The authors ran simulations to see how the presence of these keV-scale "hermits" would change the results of the experiment.

1. The "Cancellation" Vanishes
In standard physics (without the heavy hermits), there is a specific scenario where the contributions of the three known neutrinos cancel each other out perfectly, making the decay rate drop to almost zero.

  • The Paper's Claim: When they added a keV-scale sterile neutrino, this "perfect cancellation" disappeared. The decay rate didn't drop to zero; it stayed at a measurable level.
  • Why it matters: This means future experiments won't just see "nothing" in this scenario; they will see a signal they can actually measure.

2. The "Scattered" Pattern
When the sterile neutrinos are very heavy (like in the TeV range), the results look like a neat, organized line.

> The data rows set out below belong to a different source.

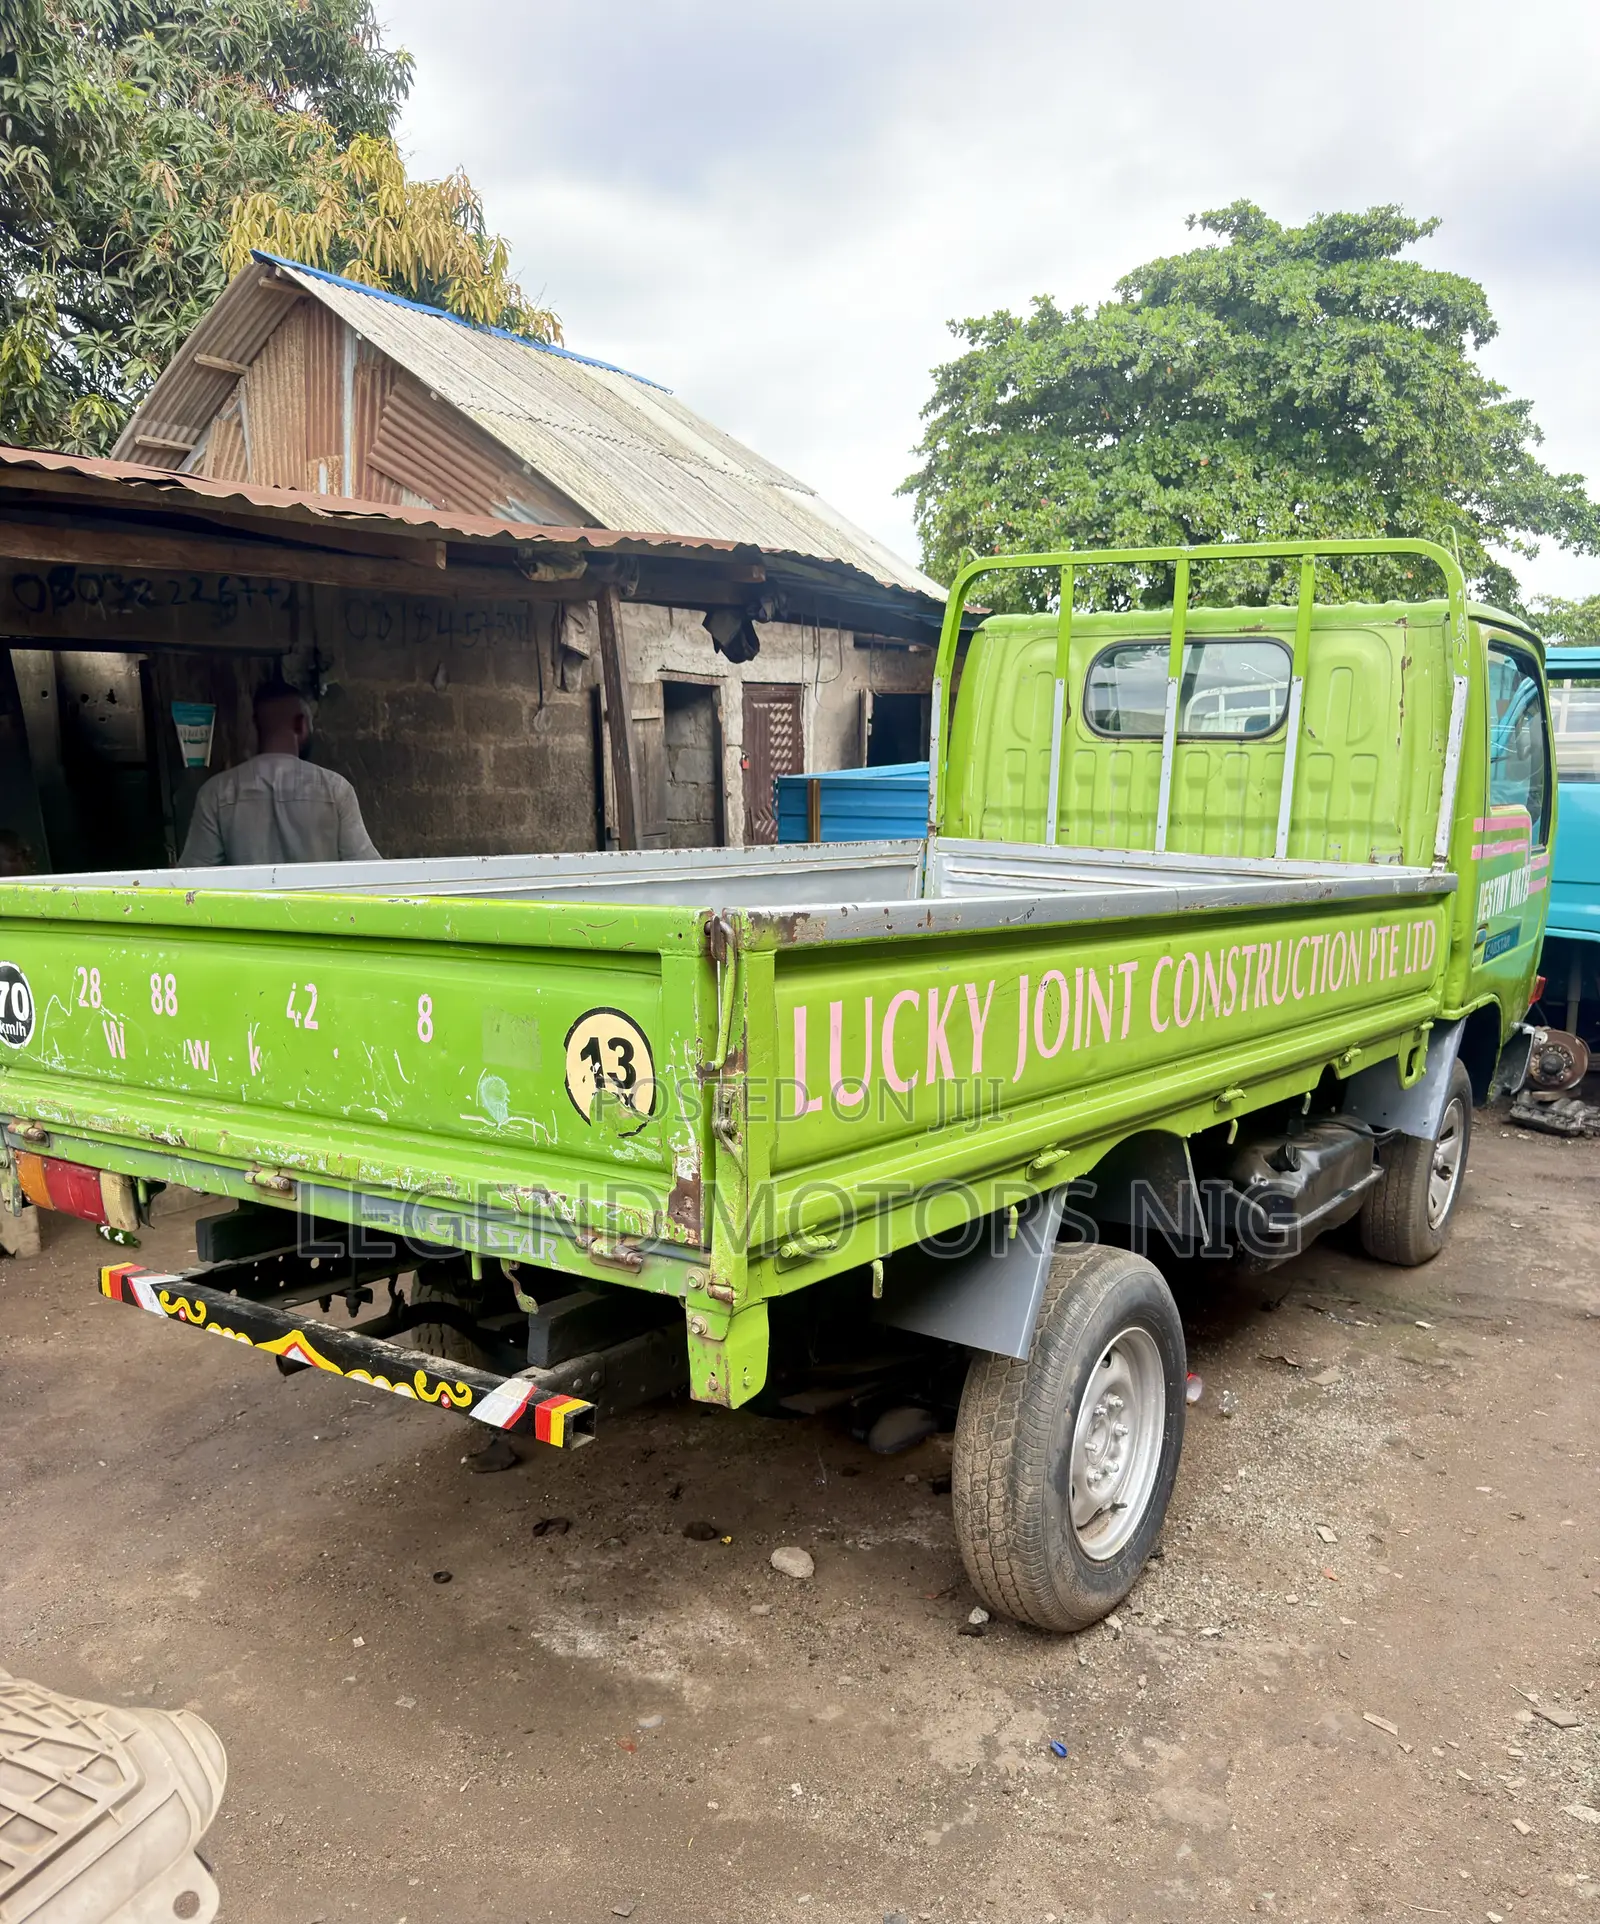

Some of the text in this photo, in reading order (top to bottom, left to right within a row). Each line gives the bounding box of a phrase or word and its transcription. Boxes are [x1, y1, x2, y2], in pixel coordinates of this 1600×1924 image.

[1477, 872, 1511, 923] DESTINY
[0, 981, 30, 1021] 70
[78, 966, 102, 1008] 28
[150, 973, 178, 1017] 88
[417, 994, 434, 1043] 8
[794, 920, 1436, 1116] LUCKY JOINT CONSTRUCTION PTE LTD
[580, 1036, 637, 1090] 13
[361, 1205, 428, 1233] NISSAN
[429, 1212, 559, 1264] CABSTAR
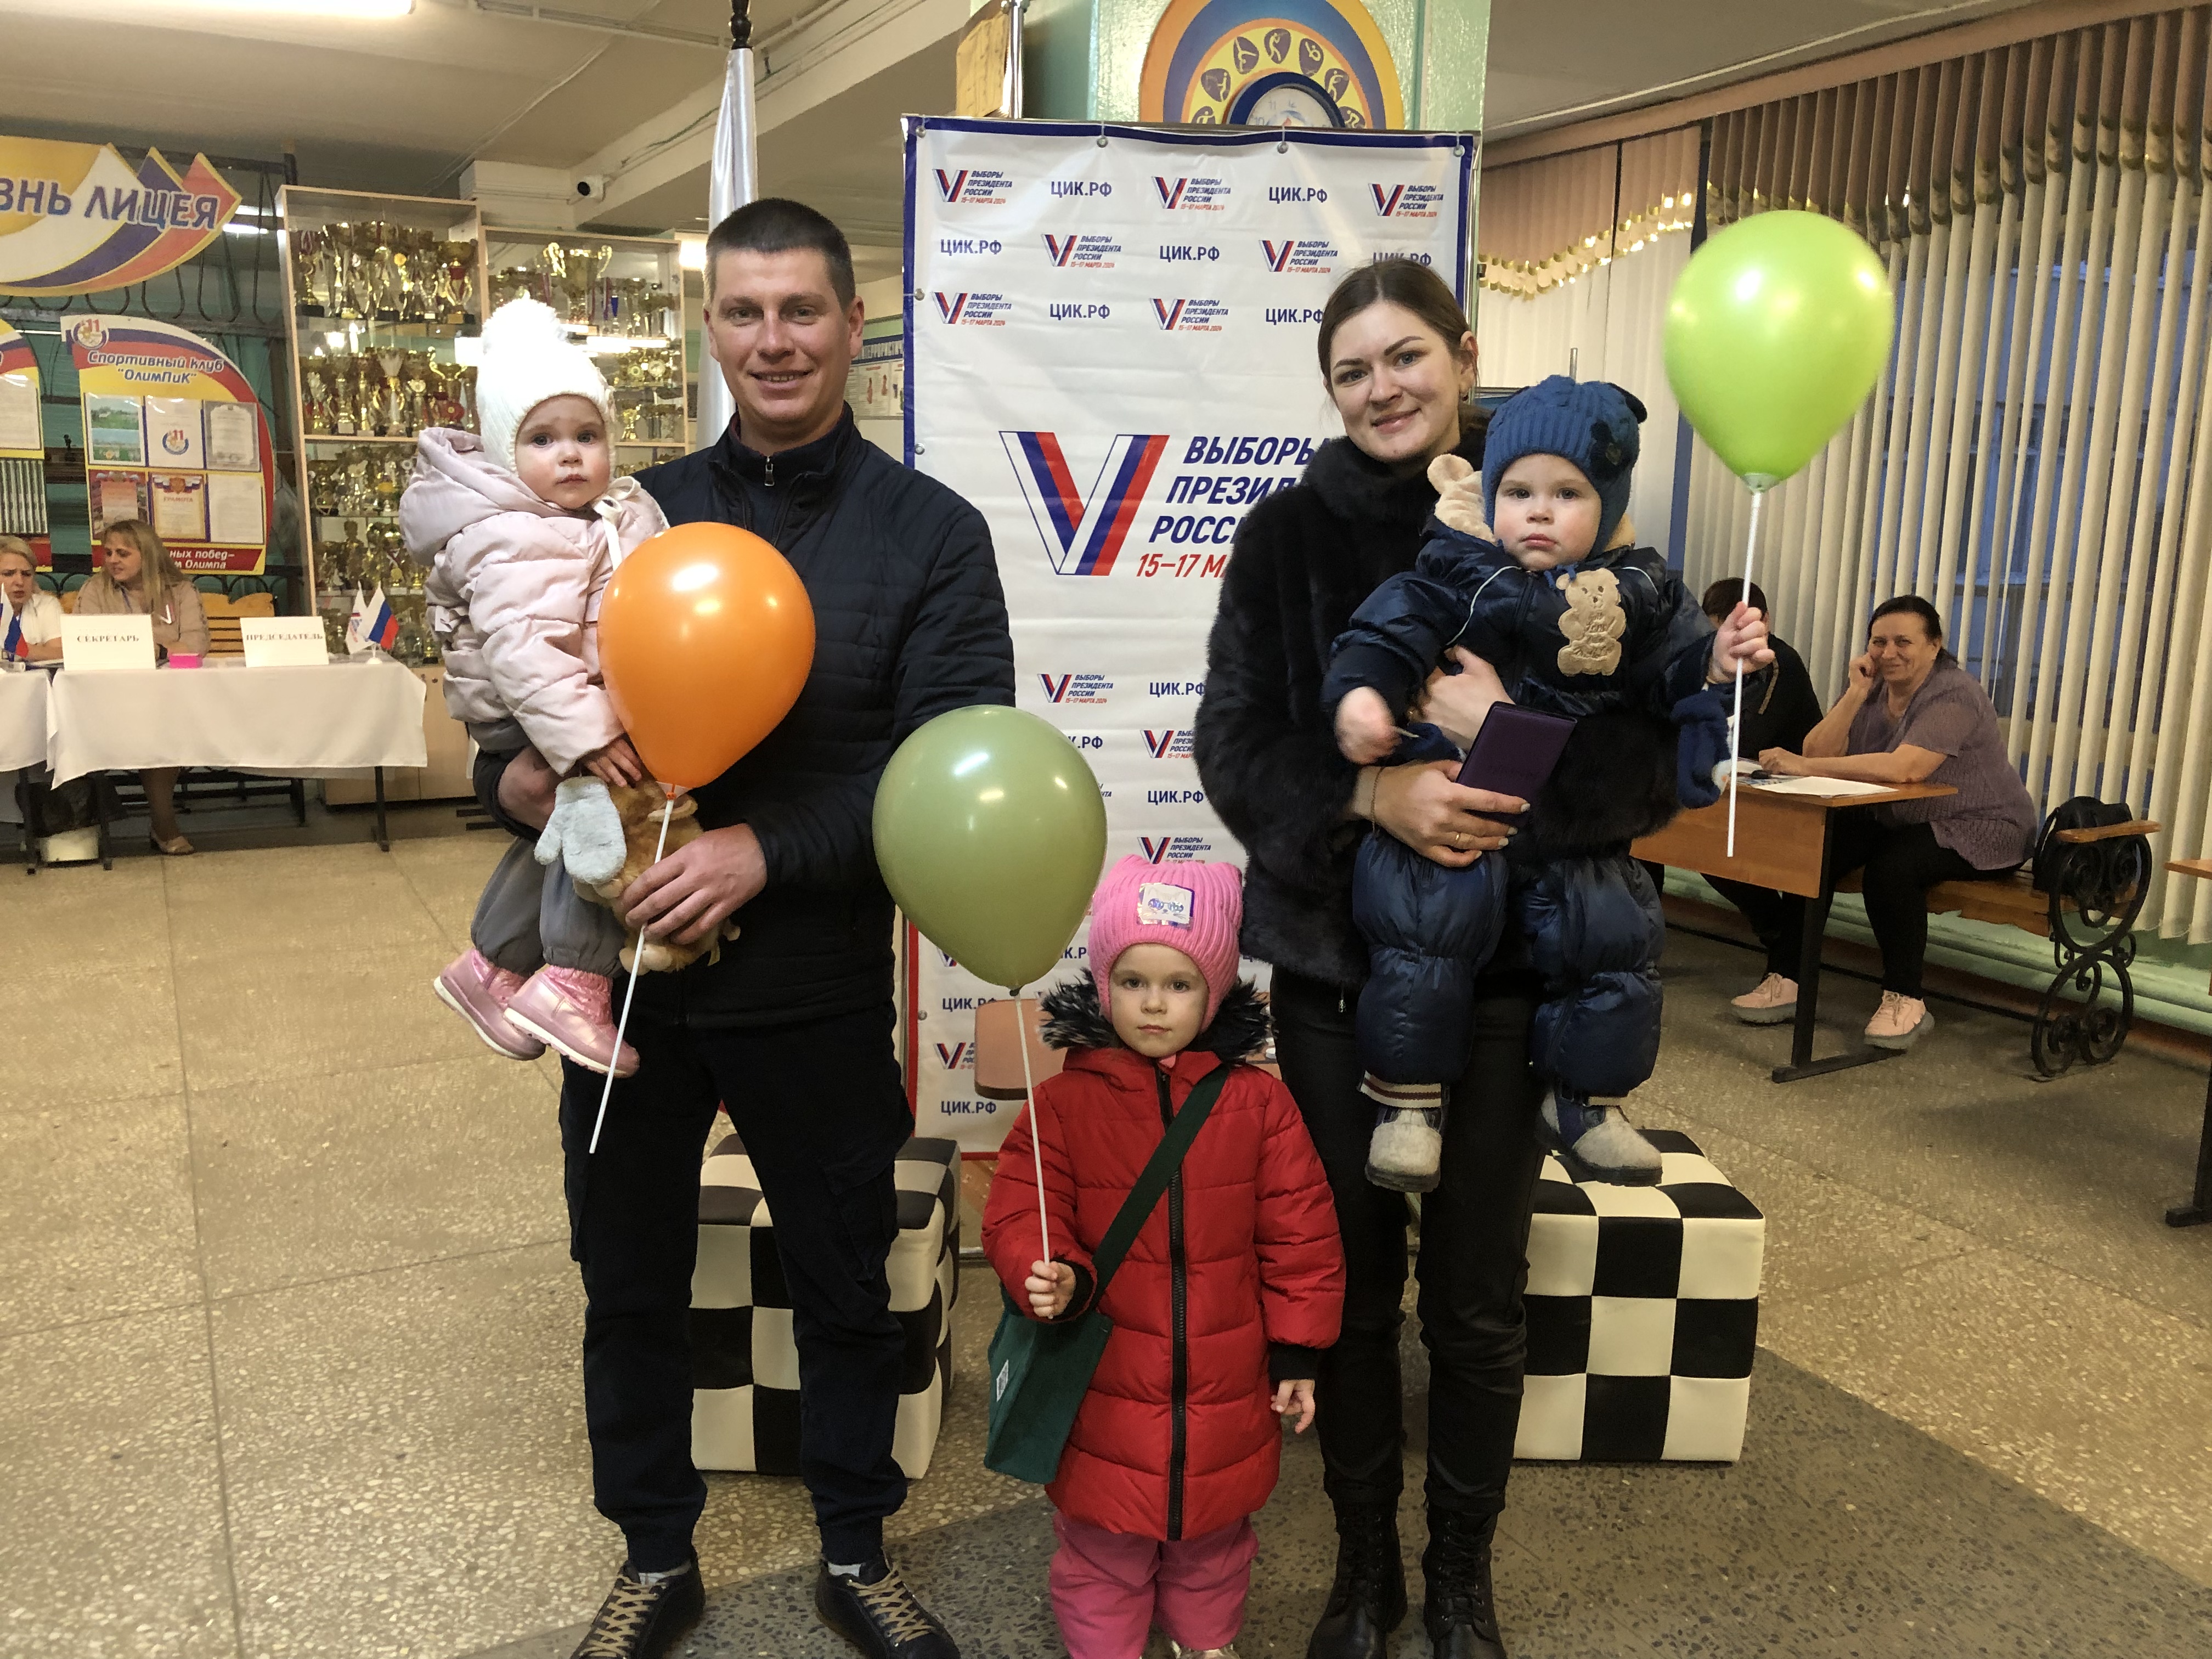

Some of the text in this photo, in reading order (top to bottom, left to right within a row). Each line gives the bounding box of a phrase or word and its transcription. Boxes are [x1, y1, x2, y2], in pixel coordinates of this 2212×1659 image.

  • The Paper's Claim: When they introduced the lighter, keV-scale sterile neutrinos, the neat line got messy. The data points became "distorted" and "scattered" around the main trend.
  • Why it matters: This scattering is a unique fingerprint. If future experiments see this messy pattern instead of a clean line, it could be evidence that these specific Dark Matter particles exist.

3. The "Sweet Spot" for Detection
The authors tested three different sets of mixing angles (how much the hermits mix with the socialites).

  • Set 3 (The Winner): This set allowed for the keV-scale masses. They found specific combinations of angles and phases where the predicted decay rate fits within the current limits of the KamLAND-Zen experiment but is high enough to be caught by next-generation experiments like LEGEND or nEXO.

The Conclusion

The paper concludes that if Dark Matter is made of these specific keV-scale sterile neutrinos, they would leave a distinct "fingerprint" in the data of neutrinoless double beta decay.

  • They would break the silence of the "cancellation" zone, making the decay visible.
  • They would scramble the pattern of the data, making it look different from standard predictions.

Essentially, the authors are saying: "If you look closely at the next generation of these experiments, and you see this specific kind of 'messy' signal rather than a clean line or total silence, you might have just found the Dark Matter particle hiding in the neutrino sector."